# TASK TO COMPLETE
From the first line to the last, return the material exactly.

+++ DATA FOR THE TASK

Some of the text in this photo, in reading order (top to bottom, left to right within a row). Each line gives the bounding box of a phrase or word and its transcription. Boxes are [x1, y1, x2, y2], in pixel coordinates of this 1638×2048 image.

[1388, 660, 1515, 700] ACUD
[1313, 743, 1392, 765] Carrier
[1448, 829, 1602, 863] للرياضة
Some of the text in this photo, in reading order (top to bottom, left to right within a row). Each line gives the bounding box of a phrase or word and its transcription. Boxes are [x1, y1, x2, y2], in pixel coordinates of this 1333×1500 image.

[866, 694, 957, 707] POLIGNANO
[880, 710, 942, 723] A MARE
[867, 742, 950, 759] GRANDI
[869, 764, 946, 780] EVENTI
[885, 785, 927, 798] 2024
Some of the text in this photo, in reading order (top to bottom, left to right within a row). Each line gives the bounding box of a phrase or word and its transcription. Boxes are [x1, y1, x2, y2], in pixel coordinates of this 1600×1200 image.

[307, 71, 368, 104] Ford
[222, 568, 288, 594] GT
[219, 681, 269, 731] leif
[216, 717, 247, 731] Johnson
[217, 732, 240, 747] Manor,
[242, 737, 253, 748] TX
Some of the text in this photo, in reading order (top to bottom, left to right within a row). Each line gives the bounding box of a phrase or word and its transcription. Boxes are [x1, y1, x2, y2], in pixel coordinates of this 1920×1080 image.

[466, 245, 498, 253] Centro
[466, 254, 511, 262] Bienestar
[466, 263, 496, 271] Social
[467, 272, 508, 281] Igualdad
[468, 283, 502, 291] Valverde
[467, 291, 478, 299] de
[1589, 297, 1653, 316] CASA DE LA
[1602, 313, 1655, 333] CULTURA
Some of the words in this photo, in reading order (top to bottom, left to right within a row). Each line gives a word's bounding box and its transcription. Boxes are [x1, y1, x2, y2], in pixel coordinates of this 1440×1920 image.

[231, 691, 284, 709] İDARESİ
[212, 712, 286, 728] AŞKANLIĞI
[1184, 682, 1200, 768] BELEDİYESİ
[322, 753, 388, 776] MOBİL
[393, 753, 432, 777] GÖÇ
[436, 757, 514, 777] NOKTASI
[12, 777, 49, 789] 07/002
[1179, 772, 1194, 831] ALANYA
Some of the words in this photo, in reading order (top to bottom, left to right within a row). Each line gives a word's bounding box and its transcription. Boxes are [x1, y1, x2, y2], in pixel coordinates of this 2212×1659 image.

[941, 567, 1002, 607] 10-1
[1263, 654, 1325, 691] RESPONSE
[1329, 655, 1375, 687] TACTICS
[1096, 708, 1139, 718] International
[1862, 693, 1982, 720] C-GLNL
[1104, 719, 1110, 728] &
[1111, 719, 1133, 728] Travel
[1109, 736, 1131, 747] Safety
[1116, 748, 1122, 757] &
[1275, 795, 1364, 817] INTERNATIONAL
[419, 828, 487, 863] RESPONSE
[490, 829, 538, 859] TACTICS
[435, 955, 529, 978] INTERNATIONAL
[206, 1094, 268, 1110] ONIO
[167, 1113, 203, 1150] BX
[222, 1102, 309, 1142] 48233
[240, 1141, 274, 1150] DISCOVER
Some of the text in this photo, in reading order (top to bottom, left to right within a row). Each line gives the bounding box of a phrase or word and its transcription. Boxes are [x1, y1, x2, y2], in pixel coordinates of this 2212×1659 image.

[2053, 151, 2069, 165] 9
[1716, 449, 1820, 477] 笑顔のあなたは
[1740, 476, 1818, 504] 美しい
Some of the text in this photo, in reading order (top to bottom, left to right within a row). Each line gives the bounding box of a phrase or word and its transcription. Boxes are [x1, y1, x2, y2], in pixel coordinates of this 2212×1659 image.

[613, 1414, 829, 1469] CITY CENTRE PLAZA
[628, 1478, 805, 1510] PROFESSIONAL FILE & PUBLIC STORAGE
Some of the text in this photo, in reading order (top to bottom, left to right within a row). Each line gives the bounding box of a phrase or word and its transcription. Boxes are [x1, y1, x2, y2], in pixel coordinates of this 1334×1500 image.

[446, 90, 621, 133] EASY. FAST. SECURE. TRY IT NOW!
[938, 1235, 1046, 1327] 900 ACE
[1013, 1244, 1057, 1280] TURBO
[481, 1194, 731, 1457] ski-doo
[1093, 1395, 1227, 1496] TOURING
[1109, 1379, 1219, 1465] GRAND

++++++

# RESPONSE TO THE TASK
Some of the text in this photo, in reading order (top to bottom, left to right within a row). Each line gives the bounding box of a phrase or word and its transcription. Boxes are [x1, y1, x2, y2], in pixel coordinates of this 1638×2048 image.

[1388, 660, 1515, 700] ACUD
[1313, 743, 1392, 765] Carrier
[1448, 829, 1602, 863] للرياضة
Some of the text in this photo, in reading order (top to bottom, left to right within a row). Each line gives the bounding box of a phrase or word and its transcription. Boxes are [x1, y1, x2, y2], in pixel coordinates of this 1333×1500 image.

[866, 694, 957, 707] POLIGNANO
[880, 710, 942, 723] A MARE
[867, 742, 950, 759] GRANDI
[869, 764, 946, 780] EVENTI
[885, 785, 927, 798] 2024
Some of the text in this photo, in reading order (top to bottom, left to right within a row). Each line gives the bounding box of a phrase or word and its transcription. Boxes are [x1, y1, x2, y2], in pixel coordinates of this 1600×1200 image.

[307, 71, 368, 104] Ford
[222, 568, 288, 594] GT
[219, 681, 269, 731] leif
[216, 717, 247, 731] Johnson
[217, 732, 240, 747] Manor,
[242, 737, 253, 748] TX
Some of the text in this photo, in reading order (top to bottom, left to right within a row). Each line gives the bounding box of a phrase or word and its transcription. Boxes are [x1, y1, x2, y2], in pixel coordinates of this 1920×1080 image.

[466, 245, 498, 253] Centro
[466, 254, 511, 262] Bienestar
[466, 263, 496, 271] Social
[467, 272, 508, 281] Igualdad
[468, 283, 502, 291] Valverde
[467, 291, 478, 299] de
[1589, 297, 1653, 316] CASA DE LA
[1602, 313, 1655, 333] CULTURA
Some of the words in this photo, in reading order (top to bottom, left to right within a row). Each line gives a word's bounding box and its transcription. Boxes are [x1, y1, x2, y2], in pixel coordinates of this 1440×1920 image.

[231, 691, 284, 709] İDARESİ
[212, 712, 286, 728] AŞKANLIĞI
[1184, 682, 1200, 768] BELEDİYESİ
[322, 753, 388, 776] MOBİL
[393, 753, 432, 777] GÖÇ
[436, 757, 514, 777] NOKTASI
[12, 777, 49, 789] 07/002
[1179, 772, 1194, 831] ALANYA
Some of the words in this photo, in reading order (top to bottom, left to right within a row). Each line gives a word's bounding box and its transcription. Boxes are [x1, y1, x2, y2], in pixel coordinates of this 2212×1659 image.

[941, 567, 1002, 607] 10-1
[1263, 654, 1325, 691] RESPONSE
[1329, 655, 1375, 687] TACTICS
[1096, 708, 1139, 718] International
[1862, 693, 1982, 720] C-GLNL
[1104, 719, 1110, 728] &
[1111, 719, 1133, 728] Travel
[1109, 736, 1131, 747] Safety
[1116, 748, 1122, 757] &
[1275, 795, 1364, 817] INTERNATIONAL
[419, 828, 487, 863] RESPONSE
[490, 829, 538, 859] TACTICS
[435, 955, 529, 978] INTERNATIONAL
[206, 1094, 268, 1110] ONIO
[167, 1113, 203, 1150] BX
[222, 1102, 309, 1142] 48233
[240, 1141, 274, 1150] DISCOVER
Some of the text in this photo, in reading order (top to bottom, left to right within a row). Each line gives the bounding box of a phrase or word and its transcription. Boxes are [x1, y1, x2, y2], in pixel coordinates of this 2212×1659 image.

[2053, 151, 2069, 165] 9
[1716, 449, 1820, 477] 笑顔のあなたは
[1740, 476, 1818, 504] 美しい
Some of the text in this photo, in reading order (top to bottom, left to right within a row). Each line gives the bounding box of a phrase or word and its transcription. Boxes are [x1, y1, x2, y2], in pixel coordinates of this 2212×1659 image.

[613, 1414, 829, 1469] CITY CENTRE PLAZA
[628, 1478, 805, 1510] PROFESSIONAL FILE & PUBLIC STORAGE
Some of the text in this photo, in reading order (top to bottom, left to right within a row). Each line gives the bounding box of a phrase or word and its transcription. Boxes are [x1, y1, x2, y2], in pixel coordinates of this 1334×1500 image.

[446, 90, 621, 133] EASY. FAST. SECURE. TRY IT NOW!
[938, 1235, 1046, 1327] 900 ACE
[1013, 1244, 1057, 1280] TURBO
[481, 1194, 731, 1457] ski-doo
[1093, 1395, 1227, 1496] TOURING
[1109, 1379, 1219, 1465] GRAND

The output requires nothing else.